> Work required
Each line below should be written out again exactly.

> Data for processing
- - - - -

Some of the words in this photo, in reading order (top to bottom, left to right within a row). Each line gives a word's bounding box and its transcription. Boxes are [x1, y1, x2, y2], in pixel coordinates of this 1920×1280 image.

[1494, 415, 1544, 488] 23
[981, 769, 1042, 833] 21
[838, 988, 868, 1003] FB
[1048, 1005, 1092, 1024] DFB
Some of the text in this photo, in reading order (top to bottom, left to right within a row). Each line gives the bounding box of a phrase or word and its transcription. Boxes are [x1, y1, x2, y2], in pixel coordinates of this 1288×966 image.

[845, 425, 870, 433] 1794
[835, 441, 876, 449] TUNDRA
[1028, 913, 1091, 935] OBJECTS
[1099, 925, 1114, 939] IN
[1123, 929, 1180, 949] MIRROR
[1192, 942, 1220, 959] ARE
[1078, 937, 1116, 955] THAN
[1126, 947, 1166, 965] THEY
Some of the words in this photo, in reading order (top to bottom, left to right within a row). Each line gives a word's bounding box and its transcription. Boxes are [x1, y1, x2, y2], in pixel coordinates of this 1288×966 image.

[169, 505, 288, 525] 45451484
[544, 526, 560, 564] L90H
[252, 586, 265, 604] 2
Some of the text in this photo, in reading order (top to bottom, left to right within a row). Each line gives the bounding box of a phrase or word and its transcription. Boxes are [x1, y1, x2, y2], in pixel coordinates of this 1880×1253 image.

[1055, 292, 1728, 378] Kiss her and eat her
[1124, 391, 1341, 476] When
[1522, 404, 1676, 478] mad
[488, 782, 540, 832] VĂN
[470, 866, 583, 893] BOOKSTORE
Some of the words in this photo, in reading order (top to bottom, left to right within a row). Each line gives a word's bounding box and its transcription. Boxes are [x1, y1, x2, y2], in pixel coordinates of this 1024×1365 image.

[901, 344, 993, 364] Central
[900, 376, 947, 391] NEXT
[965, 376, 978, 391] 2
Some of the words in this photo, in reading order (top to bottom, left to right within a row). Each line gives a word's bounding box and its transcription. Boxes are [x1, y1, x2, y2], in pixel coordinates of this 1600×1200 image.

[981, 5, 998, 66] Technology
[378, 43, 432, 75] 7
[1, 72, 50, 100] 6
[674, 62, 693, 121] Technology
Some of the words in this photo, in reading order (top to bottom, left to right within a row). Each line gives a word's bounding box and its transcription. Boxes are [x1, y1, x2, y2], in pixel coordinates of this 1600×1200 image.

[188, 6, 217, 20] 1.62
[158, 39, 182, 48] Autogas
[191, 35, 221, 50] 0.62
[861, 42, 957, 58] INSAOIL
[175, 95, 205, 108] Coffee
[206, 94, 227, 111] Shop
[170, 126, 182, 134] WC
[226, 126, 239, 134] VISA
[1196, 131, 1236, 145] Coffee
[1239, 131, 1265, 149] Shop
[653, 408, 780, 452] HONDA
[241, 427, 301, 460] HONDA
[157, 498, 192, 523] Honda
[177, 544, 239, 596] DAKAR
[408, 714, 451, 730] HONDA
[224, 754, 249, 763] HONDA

- - - - -

> Written answer
Some of the words in this photo, in reading order (top to bottom, left to right within a row). Each line gives a word's bounding box and its transcription. Boxes are [x1, y1, x2, y2], in pixel coordinates of this 1920×1280 image.

[1494, 415, 1544, 488] 23
[981, 769, 1042, 833] 21
[838, 988, 868, 1003] FB
[1048, 1005, 1092, 1024] DFB
Some of the text in this photo, in reading order (top to bottom, left to right within a row). Each line gives the bounding box of a phrase or word and its transcription. Boxes are [x1, y1, x2, y2], in pixel coordinates of this 1288×966 image.

[845, 425, 870, 433] 1794
[835, 441, 876, 449] TUNDRA
[1028, 913, 1091, 935] OBJECTS
[1099, 925, 1114, 939] IN
[1123, 929, 1180, 949] MIRROR
[1192, 942, 1220, 959] ARE
[1078, 937, 1116, 955] THAN
[1126, 947, 1166, 965] THEY
Some of the words in this photo, in reading order (top to bottom, left to right within a row). Each line gives a word's bounding box and its transcription. Boxes are [x1, y1, x2, y2], in pixel coordinates of this 1288×966 image.

[169, 505, 288, 525] 45451484
[544, 526, 560, 564] L90H
[252, 586, 265, 604] 2
Some of the text in this photo, in reading order (top to bottom, left to right within a row). Each line gives the bounding box of a phrase or word and its transcription. Boxes are [x1, y1, x2, y2], in pixel coordinates of this 1880×1253 image.

[1055, 292, 1728, 378] Kiss her and eat her
[1124, 391, 1341, 476] When
[1522, 404, 1676, 478] mad
[488, 782, 540, 832] VĂN
[470, 866, 583, 893] BOOKSTORE
Some of the words in this photo, in reading order (top to bottom, left to right within a row). Each line gives a word's bounding box and its transcription. Boxes are [x1, y1, x2, y2], in pixel coordinates of this 1024×1365 image.

[901, 344, 993, 364] Central
[900, 376, 947, 391] NEXT
[965, 376, 978, 391] 2
Some of the words in this photo, in reading order (top to bottom, left to right within a row). Each line gives a word's bounding box and its transcription. Boxes are [x1, y1, x2, y2], in pixel coordinates of this 1600×1200 image.

[981, 5, 998, 66] Technology
[378, 43, 432, 75] 7
[1, 72, 50, 100] 6
[674, 62, 693, 121] Technology
Some of the words in this photo, in reading order (top to bottom, left to right within a row). Each line gives a word's bounding box and its transcription. Boxes are [x1, y1, x2, y2], in pixel coordinates of this 1600×1200 image.

[188, 6, 217, 20] 1.62
[158, 39, 182, 48] Autogas
[191, 35, 221, 50] 0.62
[861, 42, 957, 58] INSAOIL
[175, 95, 205, 108] Coffee
[206, 94, 227, 111] Shop
[170, 126, 182, 134] WC
[226, 126, 239, 134] VISA
[1196, 131, 1236, 145] Coffee
[1239, 131, 1265, 149] Shop
[653, 408, 780, 452] HONDA
[241, 427, 301, 460] HONDA
[157, 498, 192, 523] Honda
[177, 544, 239, 596] DAKAR
[408, 714, 451, 730] HONDA
[224, 754, 249, 763] HONDA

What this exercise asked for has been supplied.